Prof. Alina Mądry © Paweł Golonko
Jolanta Łada-Zielke im Gespräch mit Alina Mądry, polnische Musikwissenschaftlerin, Dr. habil. der Geisteswissenschaften, außerordentliche Professorin für Theater und Medienkunst der Fakultät für Anthropologie und Kulturwissenschaften der Adam-Mickiewicz-Universität in Poznań,
Autorin des Buches „Carl Philipp Emanuel Bach. Ästhetik – Stilistik – Werk” – Teil I
klassik-begeistert: Aus dem Lebenslauf von Carl Philipp Emanuel Bach geht hervor, dass er ein vorbildlicher Ehemann und Vater war. Hat er Johanna Maria Dannemann, die Tochter eines Weinhändlers, aus praktischen Gründen geheiratet?

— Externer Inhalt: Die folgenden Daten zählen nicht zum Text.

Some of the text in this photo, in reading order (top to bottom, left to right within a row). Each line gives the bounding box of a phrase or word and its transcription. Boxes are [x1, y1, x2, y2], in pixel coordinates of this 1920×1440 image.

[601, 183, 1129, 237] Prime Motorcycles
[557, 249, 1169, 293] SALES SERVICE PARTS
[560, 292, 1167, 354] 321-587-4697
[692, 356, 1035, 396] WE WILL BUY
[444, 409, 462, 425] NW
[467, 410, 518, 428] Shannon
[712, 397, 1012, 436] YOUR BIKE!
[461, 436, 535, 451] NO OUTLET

Prof. Alina Mądry: Carl Philipp Emanuel Bach heiratete Johanna Maria 1744 in Berlin und lebte 44 Jahre lang mit ihr zusammen. Wir wissen nicht, ob die Liebe oder praktische Gründe hier im Spiel waren. Sicher ist, dass Johanna Maria dem Komponisten Stabilität gab, dank der er in Ruhe arbeiten und wichtige berufliche Entscheidungen treffen konnte, wie zum Beispiel diese, nach Hamburg zu ziehen.

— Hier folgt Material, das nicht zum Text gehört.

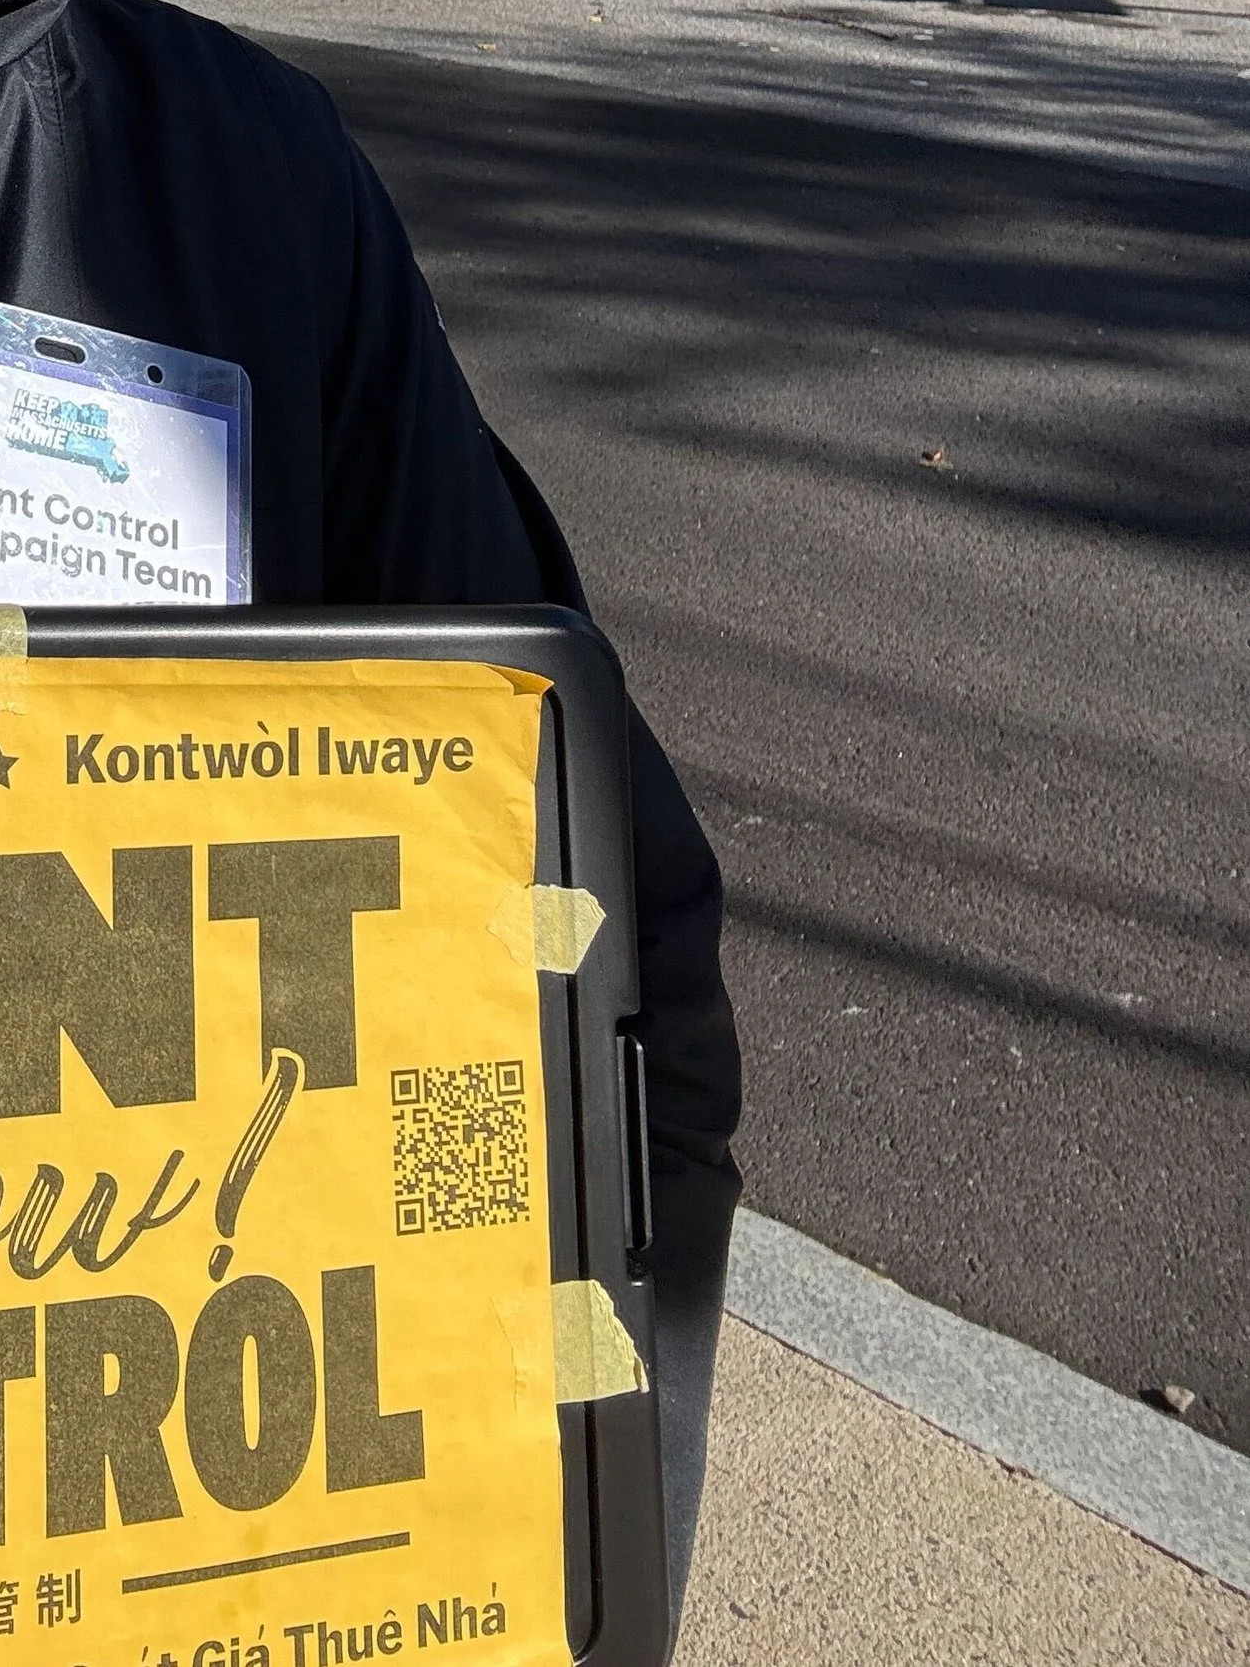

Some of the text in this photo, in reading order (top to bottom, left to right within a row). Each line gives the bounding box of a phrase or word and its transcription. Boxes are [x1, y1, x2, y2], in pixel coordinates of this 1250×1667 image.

[10, 406, 108, 440] MASSACHUSETTS
[13, 388, 61, 414] KEEP
[6, 417, 69, 451] HOME
[44, 494, 179, 551] Control
[116, 548, 212, 599] Team
[65, 720, 300, 785] Kontwòl
[283, 1609, 403, 1667] Thuê
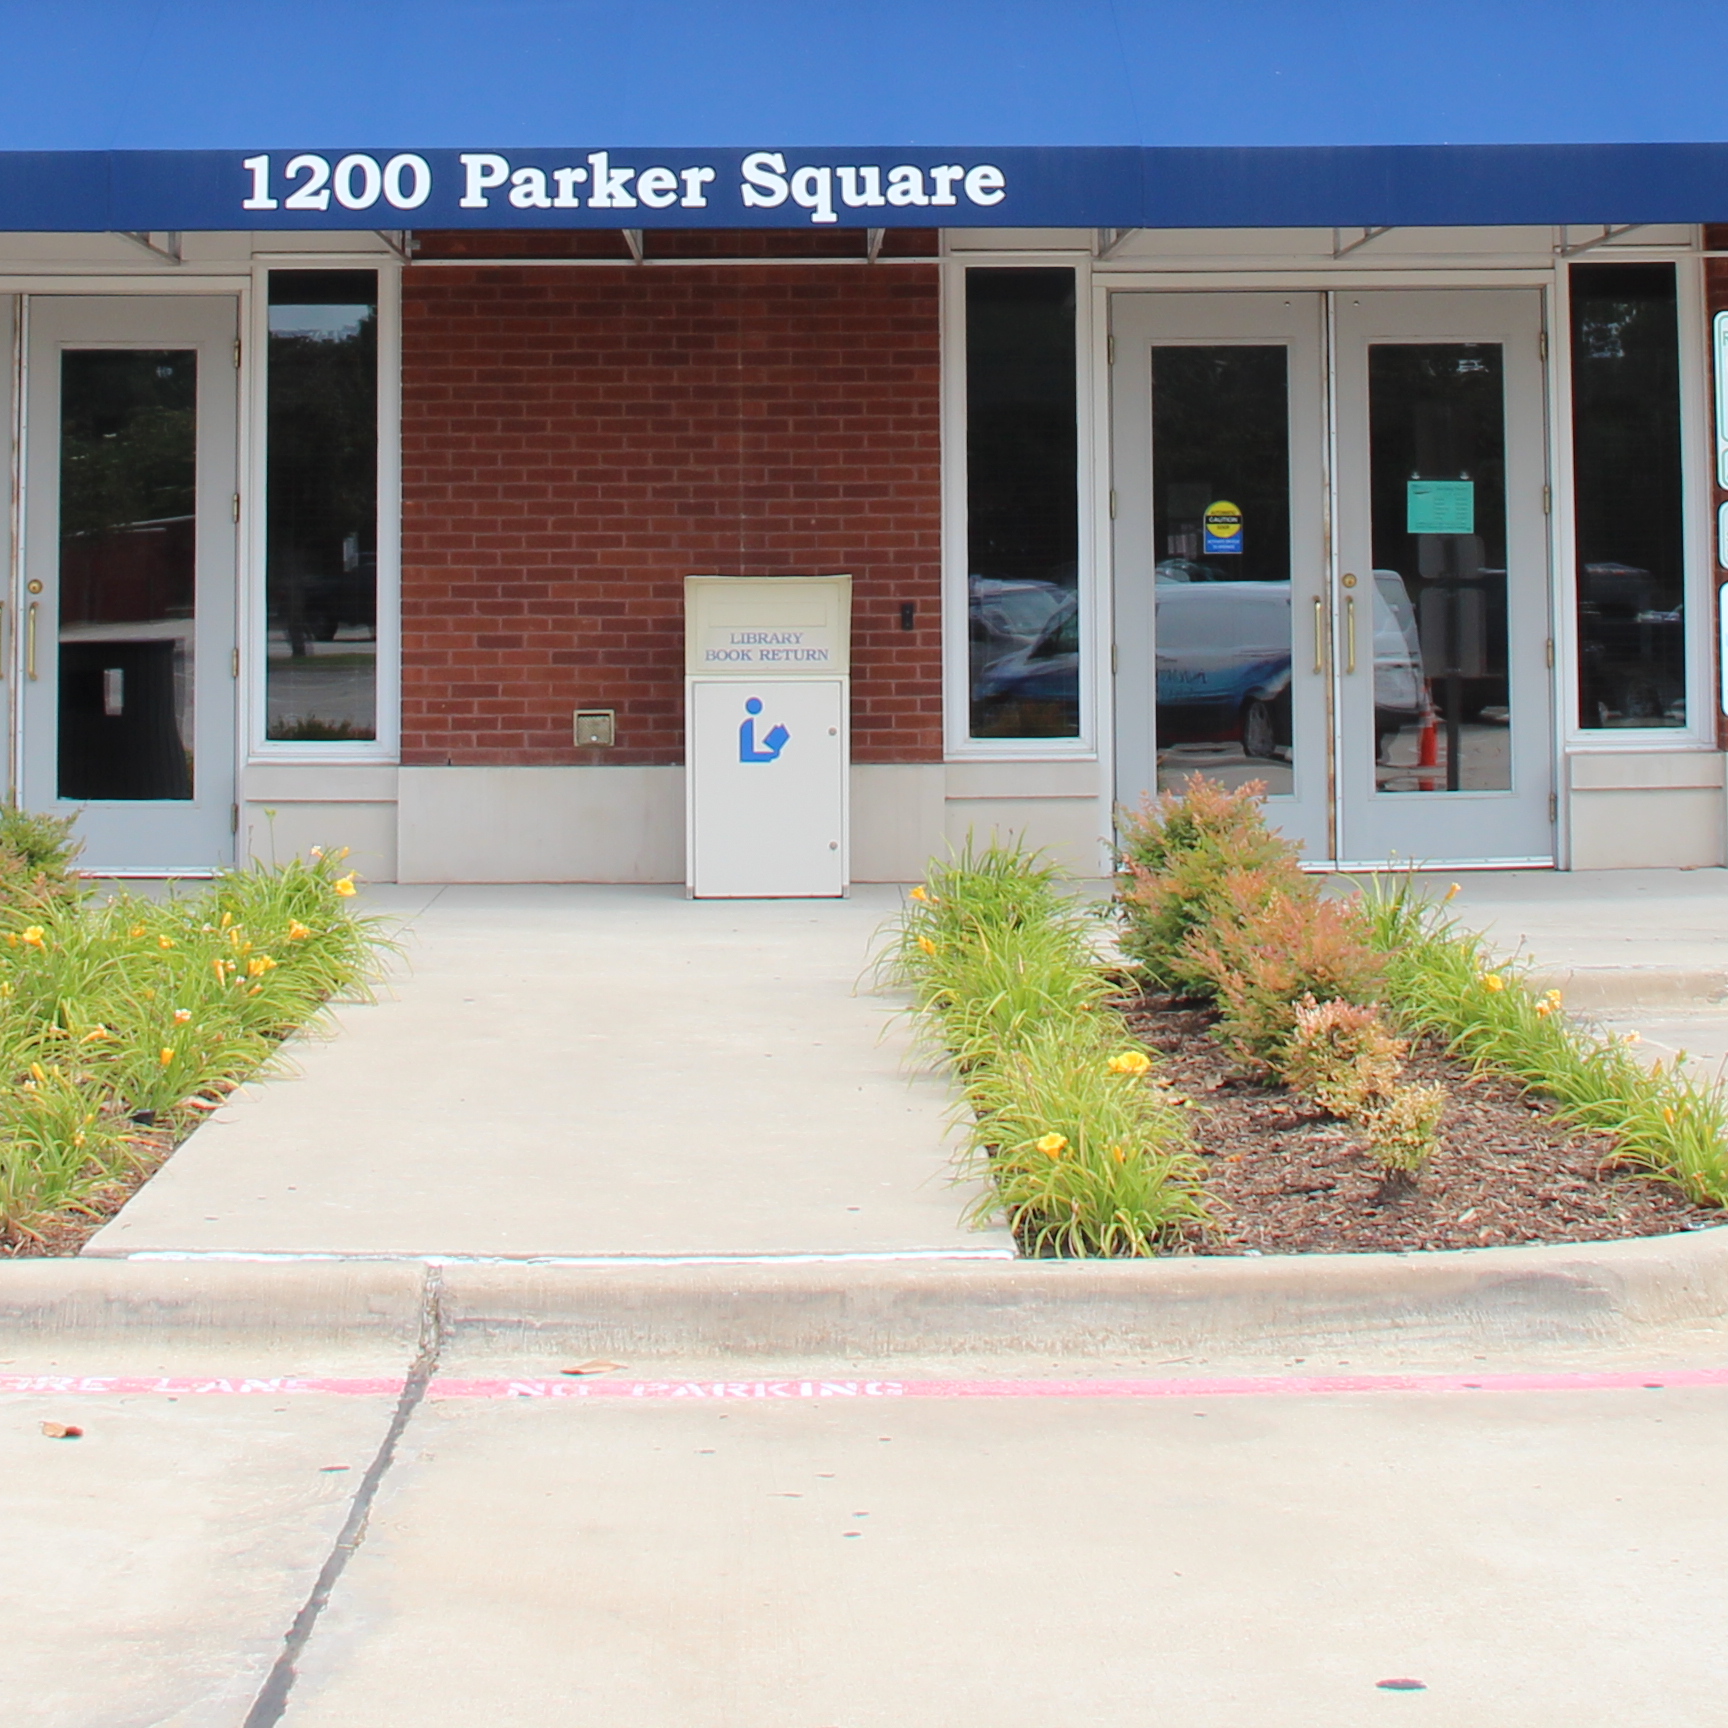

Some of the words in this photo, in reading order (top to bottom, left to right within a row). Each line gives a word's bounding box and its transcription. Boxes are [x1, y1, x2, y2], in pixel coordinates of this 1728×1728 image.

[241, 151, 433, 212] 1200
[459, 151, 715, 211] Parker
[740, 151, 1006, 223] Square
[730, 632, 805, 645] LIBRARY
[705, 649, 753, 661] BOOK
[759, 648, 829, 662] RETURN
[508, 1381, 590, 1397] NO
[632, 1381, 904, 1398] PARKING

Er äußerte sich jedoch weder in seiner Korrespondenz noch in seiner Autobiografie über seine Ehefrau. Seiner Tochter Anna Carolina Philippina widmete er hingegen wahrscheinlich zwei musikalische Miniaturen: „La Caroline“ und „La Philippine“. Er hat jedoch nie direkt zugegeben, dass sich diese Titel auf seine Tochter beziehen. Noch zu Lebzeiten bezog er Anna Carolina in die Verwaltung seines Werkes mit ein. Nach dem Tod von Carl Philipp kümmerte sie sich zusammen mit ihrer Mutter um sein Vermächtnis. Beide führten die Korrespondenz, den Verkauf und die Katalogisierung seines Werks. Aus dem Briefwechsel von Johanna Maria mit dem Verleger Breitkopf geht hervor, dass es beiden wichtig war, einen genauen Katalog der Werke des Komponisten zu erstellen. Aber diese beiden Frauen, die ihm am nächsten standen, blieben in seiner Biografie still und stumm.

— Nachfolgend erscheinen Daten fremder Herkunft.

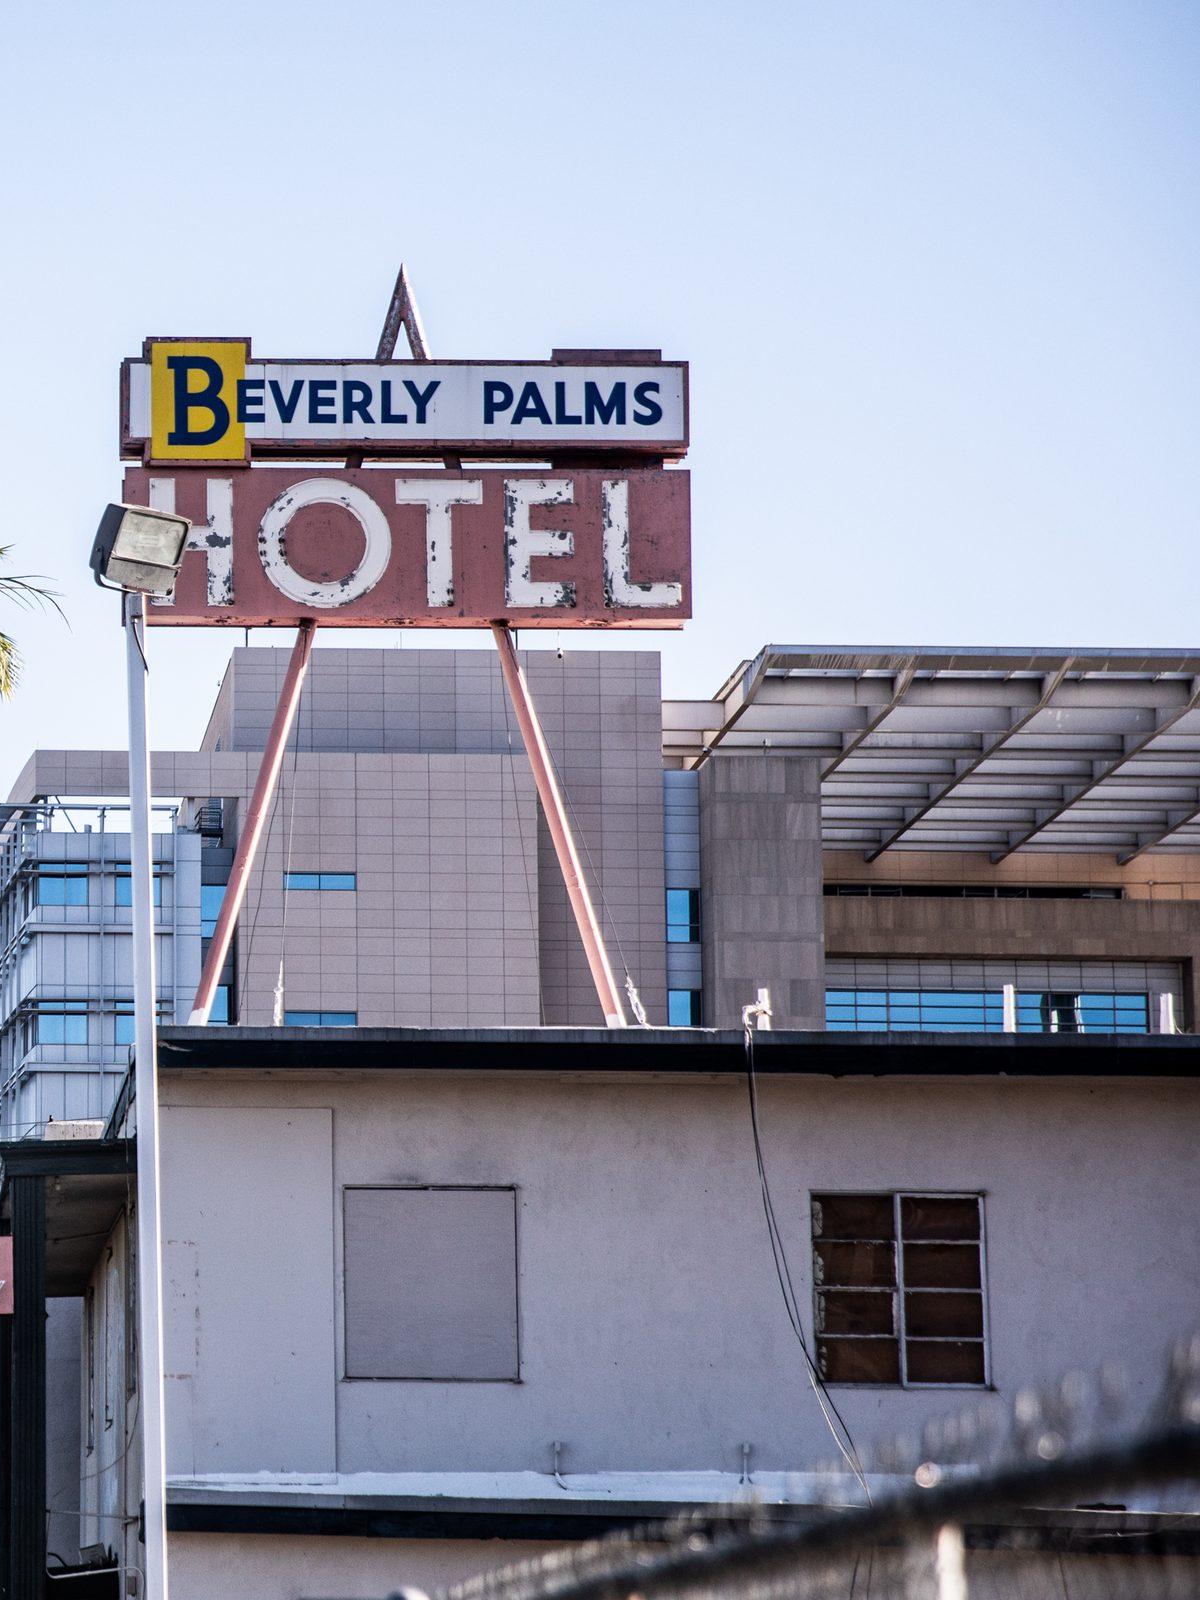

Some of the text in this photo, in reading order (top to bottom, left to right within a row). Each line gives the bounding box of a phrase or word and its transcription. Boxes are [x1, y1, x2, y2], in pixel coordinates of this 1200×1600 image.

[167, 356, 663, 445] BEVERLY PALMS
[149, 477, 681, 608] HOTEL

klassik-begeistert: Dafür „verewigte“ er zwei andere Damen, indem er ihnen seine Klaviersonaten widmete. Eine davon war die Schwester Friedrichs II., Prinzessin Anna Amalia (anderen Quellen zufolge: Amelia).
Prof. Alina Mądry: Anna Amalia war eine musikalisch gebildete, aufgeklärte und für die damalige Zeit fortschrittliche Frau, die viel weiter über den Tellerrand als ihr Bruder hinausschaute.
Trotz der am Berliner Hof herrschenden Konventionen gelang es ihr, sich dort ihren eigenen, individuellen Raum zu schaffen. Sie versammelte dort norddeutsche Musiker, die der Musik neue Impulse gaben, während die Künstler aus dem Umfeld Friedrichs II., ebenso wie er selbst, dem damaligen italienischen Trend huldigten. Anna Amalia schätzte Carl Philipp sehr, der sich mit Widmungen bei ihr bedankte. Auf seine Initiative hin wurde für sie eine Orgel gebaut, und er schrieb für sie Stücke für dieses Instrument. Er widmete ihr auch eine seiner wichtigsten Sammlungen „Sonaten mit veränderten Reprisen“. Als er Berlin verließ, ernannte Anna Amalia ihn zu ihrem Hofkomponisten. Meiner Meinung nach verstanden sich die beiden sehr gut und waren befreundet.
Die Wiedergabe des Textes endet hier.